(Record set)

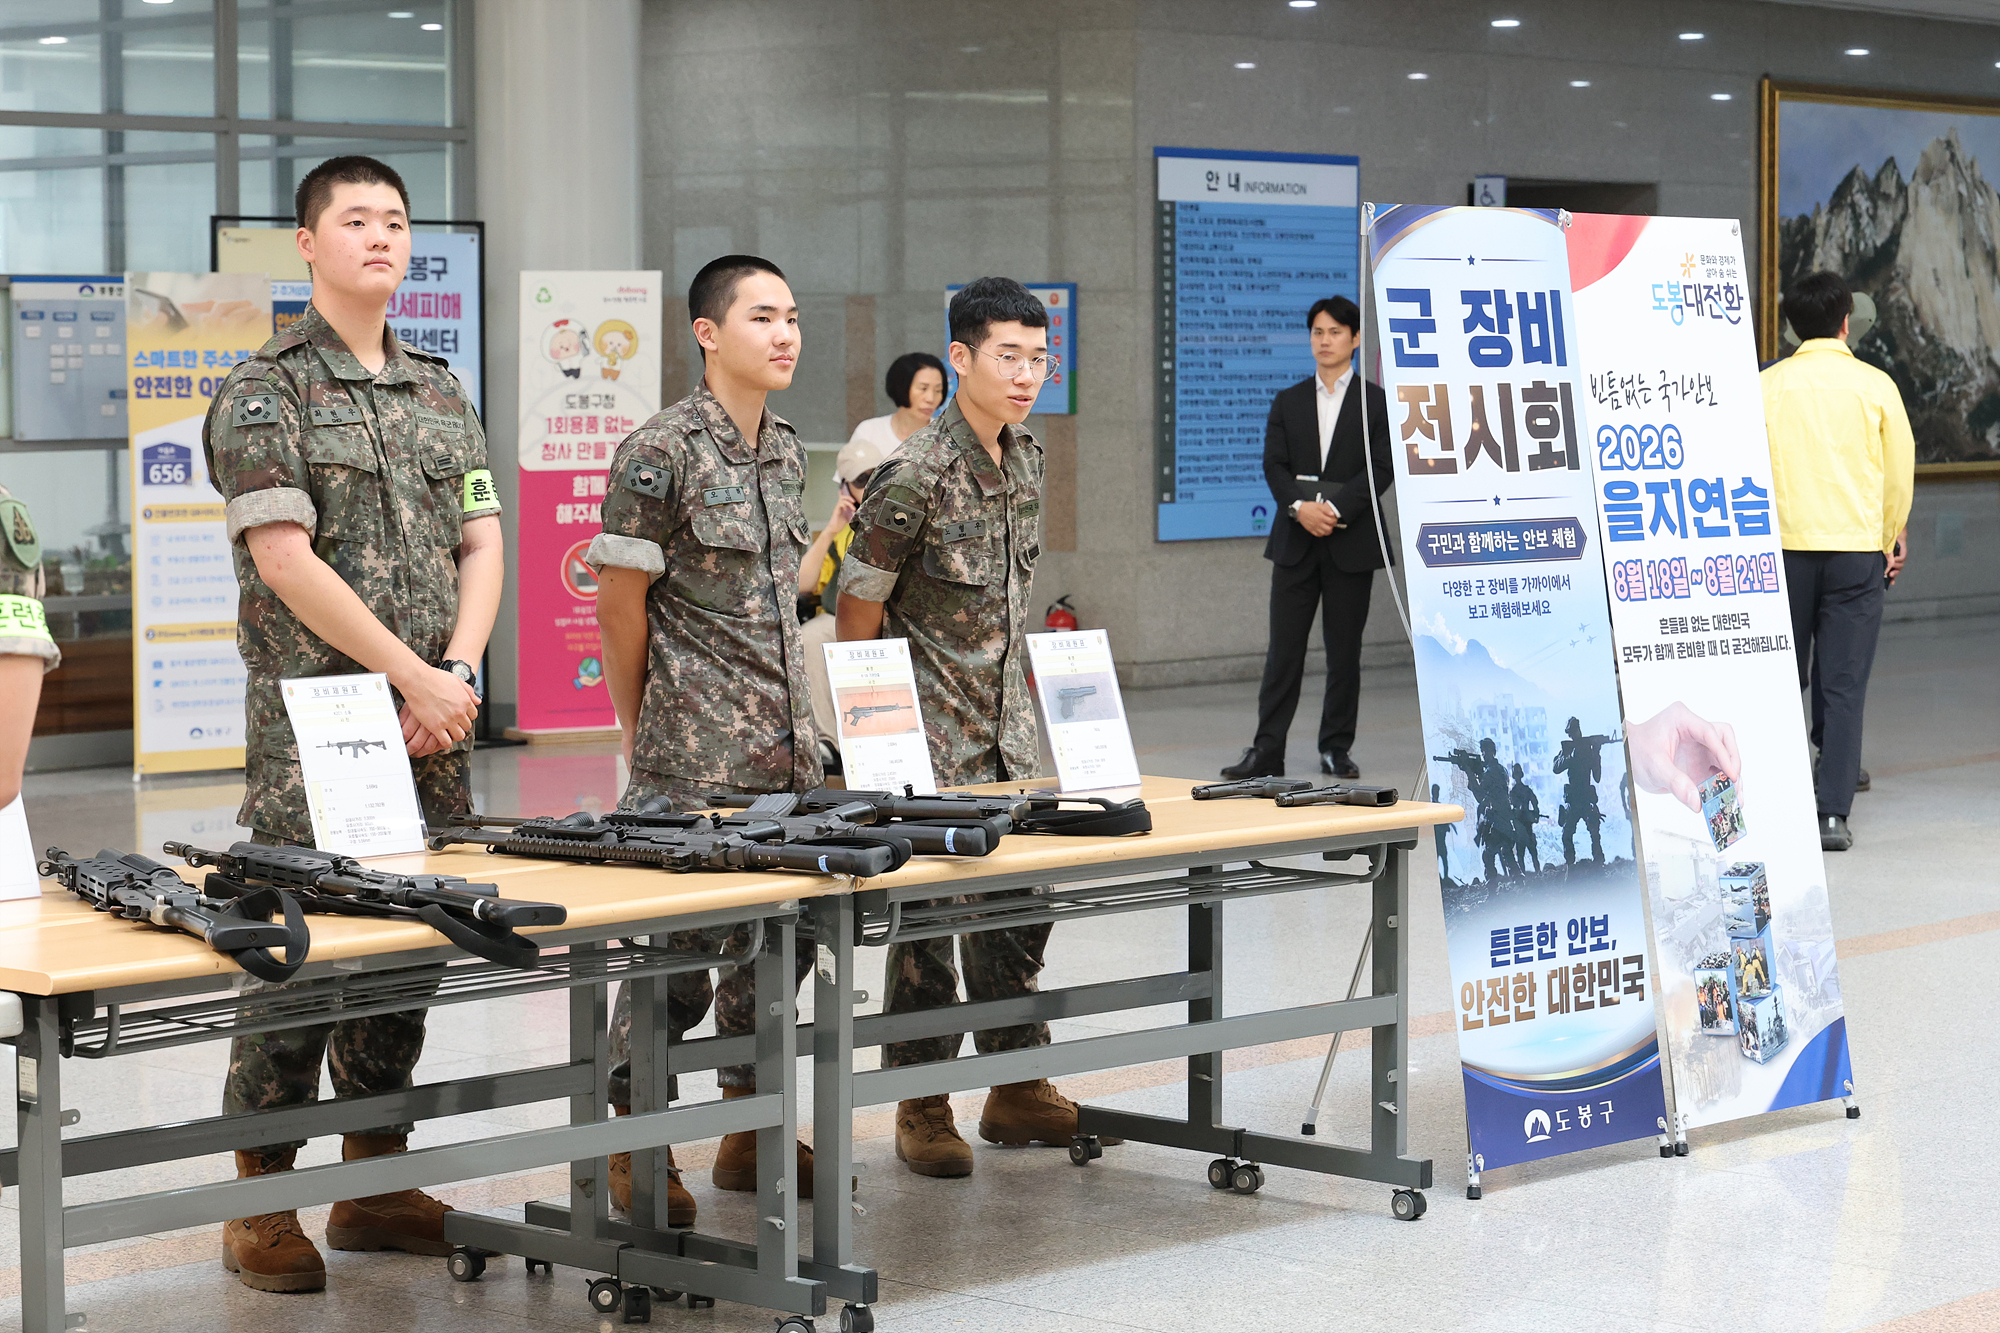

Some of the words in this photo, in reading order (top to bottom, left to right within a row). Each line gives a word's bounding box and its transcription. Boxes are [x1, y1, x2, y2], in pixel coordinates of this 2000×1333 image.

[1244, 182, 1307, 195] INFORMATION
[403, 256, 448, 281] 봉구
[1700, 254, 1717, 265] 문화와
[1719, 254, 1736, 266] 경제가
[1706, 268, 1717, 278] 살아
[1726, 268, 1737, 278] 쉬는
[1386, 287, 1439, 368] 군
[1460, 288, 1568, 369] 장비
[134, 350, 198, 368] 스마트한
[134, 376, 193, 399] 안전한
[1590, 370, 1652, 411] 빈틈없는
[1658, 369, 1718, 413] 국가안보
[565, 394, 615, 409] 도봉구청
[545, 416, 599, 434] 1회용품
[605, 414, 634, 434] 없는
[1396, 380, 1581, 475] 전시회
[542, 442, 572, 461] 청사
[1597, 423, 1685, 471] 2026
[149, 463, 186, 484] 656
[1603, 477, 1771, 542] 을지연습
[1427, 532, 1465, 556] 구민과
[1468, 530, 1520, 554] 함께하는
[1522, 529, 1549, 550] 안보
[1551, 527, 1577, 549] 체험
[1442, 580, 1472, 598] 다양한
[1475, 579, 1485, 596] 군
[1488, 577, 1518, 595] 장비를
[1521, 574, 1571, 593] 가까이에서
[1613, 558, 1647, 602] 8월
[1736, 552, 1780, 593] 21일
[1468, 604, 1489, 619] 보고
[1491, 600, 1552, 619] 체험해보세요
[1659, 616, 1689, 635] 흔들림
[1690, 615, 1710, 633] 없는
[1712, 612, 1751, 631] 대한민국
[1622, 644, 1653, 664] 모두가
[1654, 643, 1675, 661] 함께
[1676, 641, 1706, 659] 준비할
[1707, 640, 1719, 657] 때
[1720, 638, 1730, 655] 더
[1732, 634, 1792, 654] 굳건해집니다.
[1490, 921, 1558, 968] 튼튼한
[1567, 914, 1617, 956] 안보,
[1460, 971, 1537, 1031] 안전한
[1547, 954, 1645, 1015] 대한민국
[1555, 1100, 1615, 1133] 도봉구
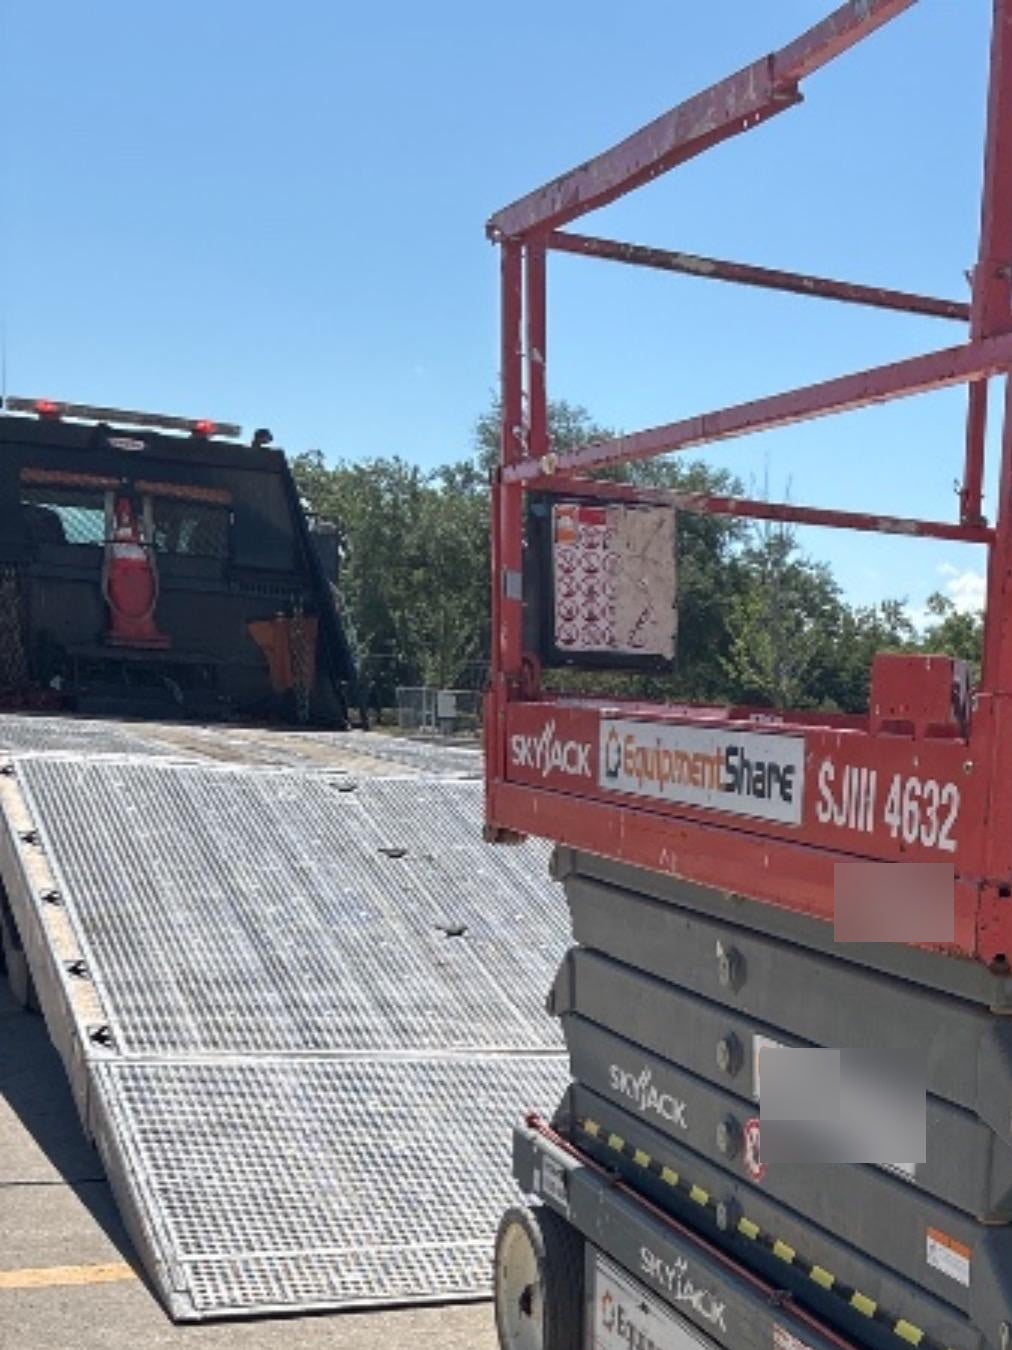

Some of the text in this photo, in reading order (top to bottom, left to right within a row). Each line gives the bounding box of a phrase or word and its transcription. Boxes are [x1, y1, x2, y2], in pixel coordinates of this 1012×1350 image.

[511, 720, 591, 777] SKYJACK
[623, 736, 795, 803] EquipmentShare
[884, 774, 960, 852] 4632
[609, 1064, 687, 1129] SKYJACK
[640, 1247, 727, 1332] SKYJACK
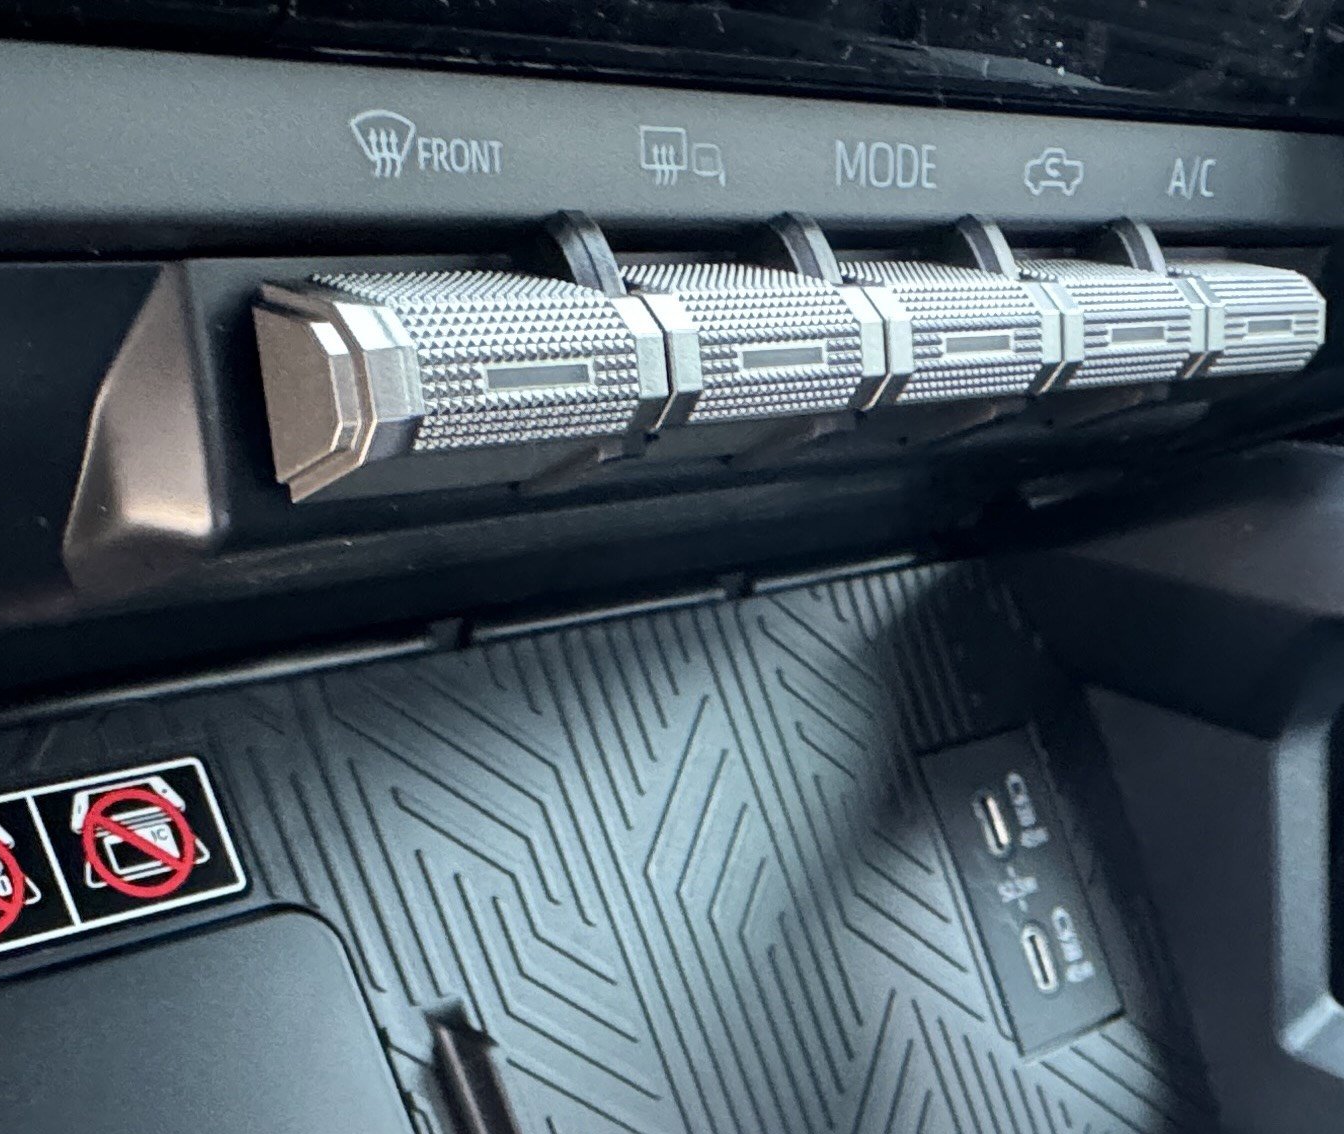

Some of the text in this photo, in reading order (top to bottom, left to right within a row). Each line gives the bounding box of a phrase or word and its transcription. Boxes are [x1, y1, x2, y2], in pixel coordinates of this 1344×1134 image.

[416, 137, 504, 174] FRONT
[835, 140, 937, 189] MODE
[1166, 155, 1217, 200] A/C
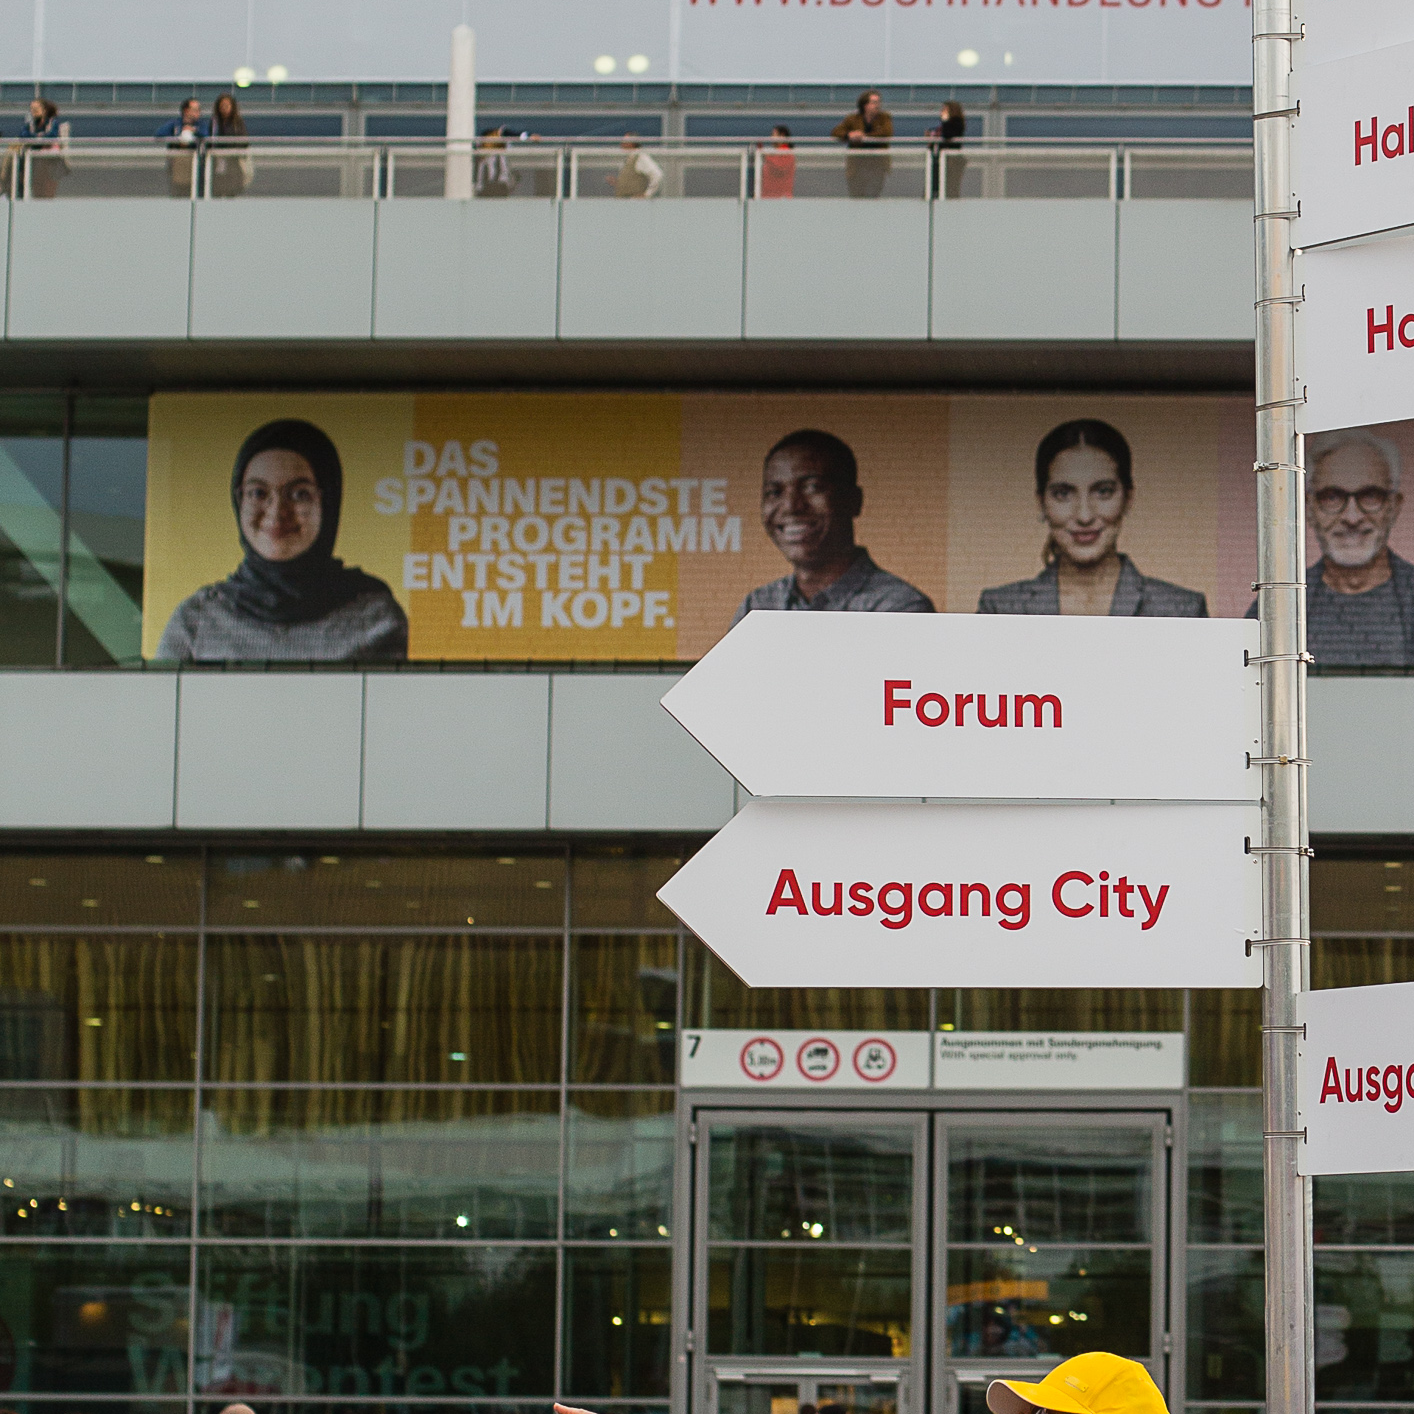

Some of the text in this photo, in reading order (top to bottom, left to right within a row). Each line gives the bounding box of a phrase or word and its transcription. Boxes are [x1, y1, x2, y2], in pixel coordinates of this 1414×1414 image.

(End Record set)

▶ _Exercise directions_
Return each entry exactly as it stands above, apart from any images.

▶ _Answer space_
Some of the words in this photo, in reading order (top to bottom, left to right within a row). Each line gives a word's bounding box and its transcription. Boxes are [x1, y1, x2, y2], in pixel coordinates of this 2000×1333 image.

[1244, 182, 1307, 195] INFORMATION
[403, 256, 448, 281] 봉구
[1700, 254, 1717, 265] 문화와
[1719, 254, 1736, 266] 경제가
[1706, 268, 1717, 278] 살아
[1726, 268, 1737, 278] 쉬는
[1386, 287, 1439, 368] 군
[1460, 288, 1568, 369] 장비
[134, 350, 198, 368] 스마트한
[134, 376, 193, 399] 안전한
[1590, 370, 1652, 411] 빈틈없는
[1658, 369, 1718, 413] 국가안보
[565, 394, 615, 409] 도봉구청
[545, 416, 599, 434] 1회용품
[605, 414, 634, 434] 없는
[1396, 380, 1581, 475] 전시회
[542, 442, 572, 461] 청사
[1597, 423, 1685, 471] 2026
[149, 463, 186, 484] 656
[1603, 477, 1771, 542] 을지연습
[1427, 532, 1465, 556] 구민과
[1468, 530, 1520, 554] 함께하는
[1522, 529, 1549, 550] 안보
[1551, 527, 1577, 549] 체험
[1442, 580, 1472, 598] 다양한
[1475, 579, 1485, 596] 군
[1488, 577, 1518, 595] 장비를
[1521, 574, 1571, 593] 가까이에서
[1613, 558, 1647, 602] 8월
[1736, 552, 1780, 593] 21일
[1468, 604, 1489, 619] 보고
[1491, 600, 1552, 619] 체험해보세요
[1659, 616, 1689, 635] 흔들림
[1690, 615, 1710, 633] 없는
[1712, 612, 1751, 631] 대한민국
[1622, 644, 1653, 664] 모두가
[1654, 643, 1675, 661] 함께
[1676, 641, 1706, 659] 준비할
[1707, 640, 1719, 657] 때
[1720, 638, 1730, 655] 더
[1732, 634, 1792, 654] 굳건해집니다.
[1490, 921, 1558, 968] 튼튼한
[1567, 914, 1617, 956] 안보,
[1460, 971, 1537, 1031] 안전한
[1547, 954, 1645, 1015] 대한민국
[1555, 1100, 1615, 1133] 도봉구

Some of the text in this photo, in reading order (top to bottom, left to right within a row). Each line gives the bounding box of a phrase or word and its transcription. Boxes are [x1, y1, x2, y2], in pixel coordinates of this 1012×1350 image.

[511, 720, 591, 777] SKYJACK
[623, 736, 795, 803] EquipmentShare
[884, 774, 960, 852] 4632
[609, 1064, 687, 1129] SKYJACK
[640, 1247, 727, 1332] SKYJACK

Some of the text in this photo, in reading order (top to bottom, left to right within a row). Each line gives the bounding box of a phrase or word and its transcription. Boxes are [x1, y1, x2, y2], in pixel coordinates of this 1344×1134 image.

[416, 137, 504, 174] FRONT
[835, 140, 937, 189] MODE
[1166, 155, 1217, 200] A/C

Some of the text in this photo, in reading order (top to bottom, left to right within a row). Each line gives the bounding box of a phrase or word and its transcription. Boxes are [x1, y1, x2, y2], in pixel coordinates of this 1414×1414 image.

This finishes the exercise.